Spanish banks top list of European solvent banks

The Santander Bank and BBVA lead the lastest ranking of top solvent European banks

Yesterday the Spanish government said that Santander bank and BBVA were at the top of a list of solvent European banks following an investigation into the solvency of 30 banks carried out by the European Banking Supervisory Committee.

Although the type of tests the banks were subjected to will not be published until July the information was released following a bilateral meeting between the Spanish President, José Luis Rodríguez Zapatero and the British Prime Minister, David Cameron in Brussels.

This week the President of BBVA, Francisco González, called for more transparency in European banking. The International Monetary Fund (IMF) also said that the publication of the results of the European Banking Supervisory Committee should help restore confidence in European markets. The type of testing carried out on the banks investigated whether the banks could survive in negative market conditions.

The first round of tests was carried out in 2009. However, the results were not published although a statement was made saying the European banking sector was resistant to the crisis.

Yesterday Emilio Botín, the Chairman of Santander, said that the results were very good news. He said that Santander was the first European bank in terms of capital and profits and now he was very pleased that it was the top of the list of solvent European banks.

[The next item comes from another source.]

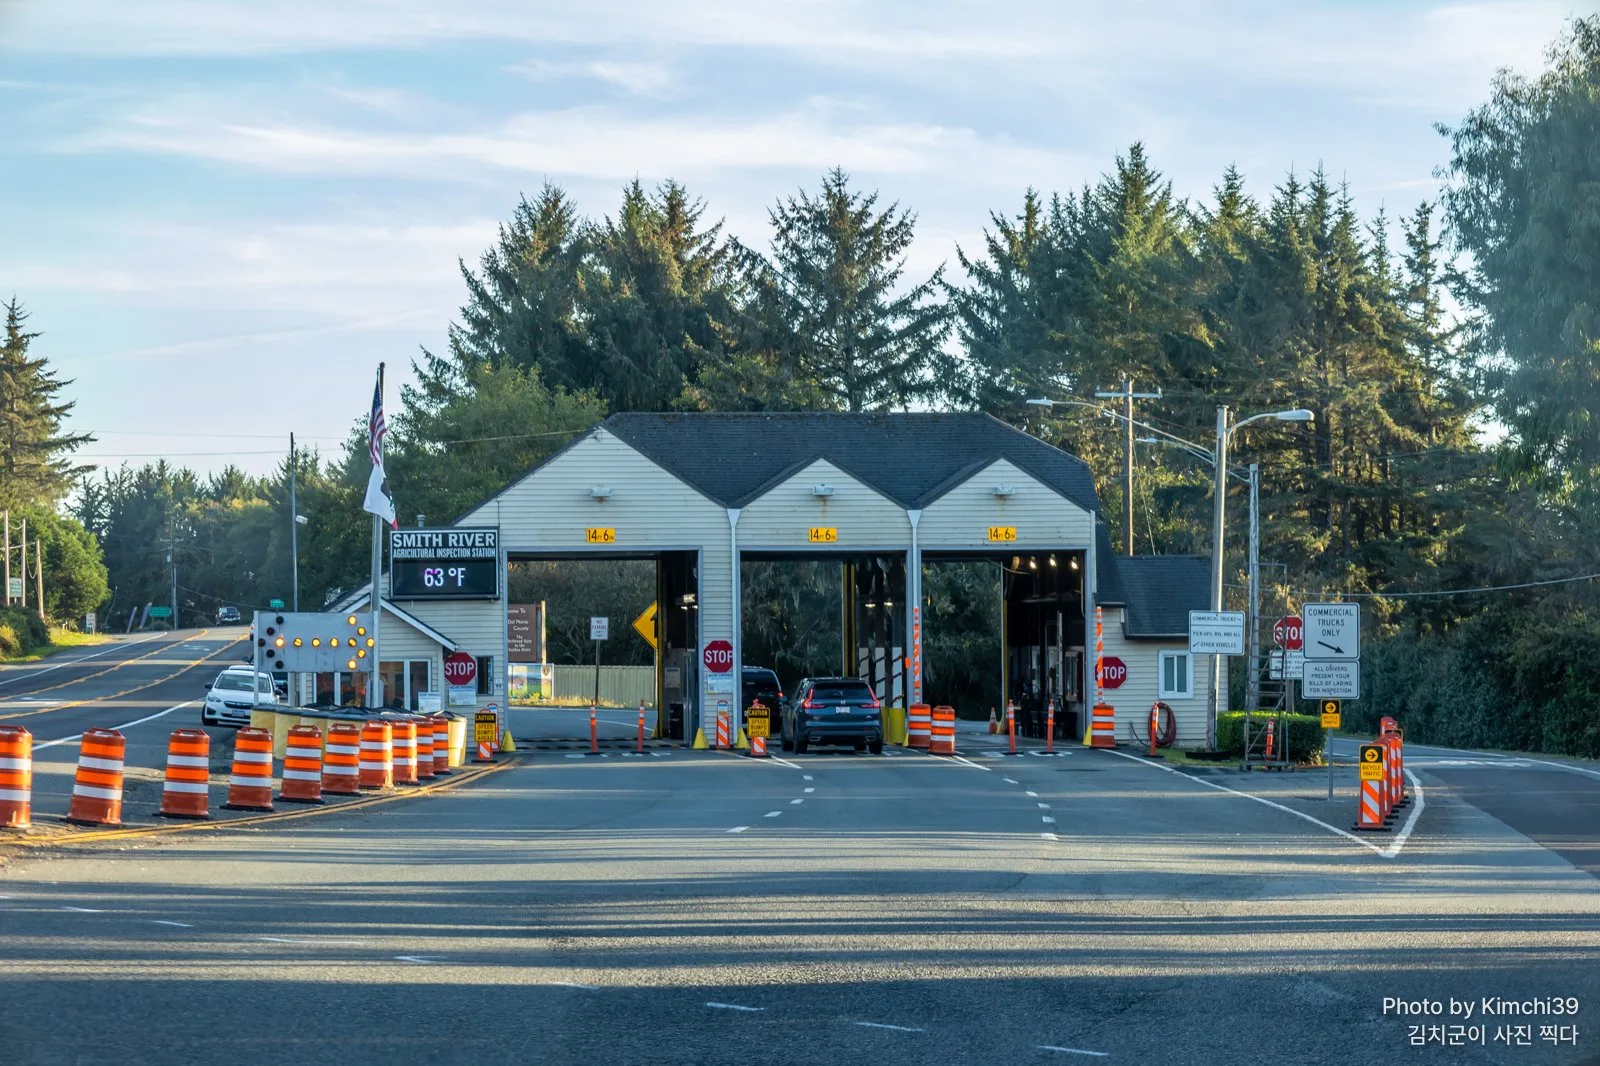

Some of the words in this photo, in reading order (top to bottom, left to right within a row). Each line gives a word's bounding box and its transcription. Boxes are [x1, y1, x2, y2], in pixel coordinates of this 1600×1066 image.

The third Vice-Chairman of Santander bank, Matías Rodríguez Inciarte, said that the results were a test of the strength of banking and would help normalize the markets. He also stressed that ‘transparency was fundamental’ in order to recover normality.

Santander bank also defended the European banking system as a whole saying that there were no solvency problems in the European banking system.

Inciarte said that he believed that tension in the markets was purely ‘circumstantial’. He also pointed out that the European Central Bank had the capacity to provide liquidity to banks in the Eurozone.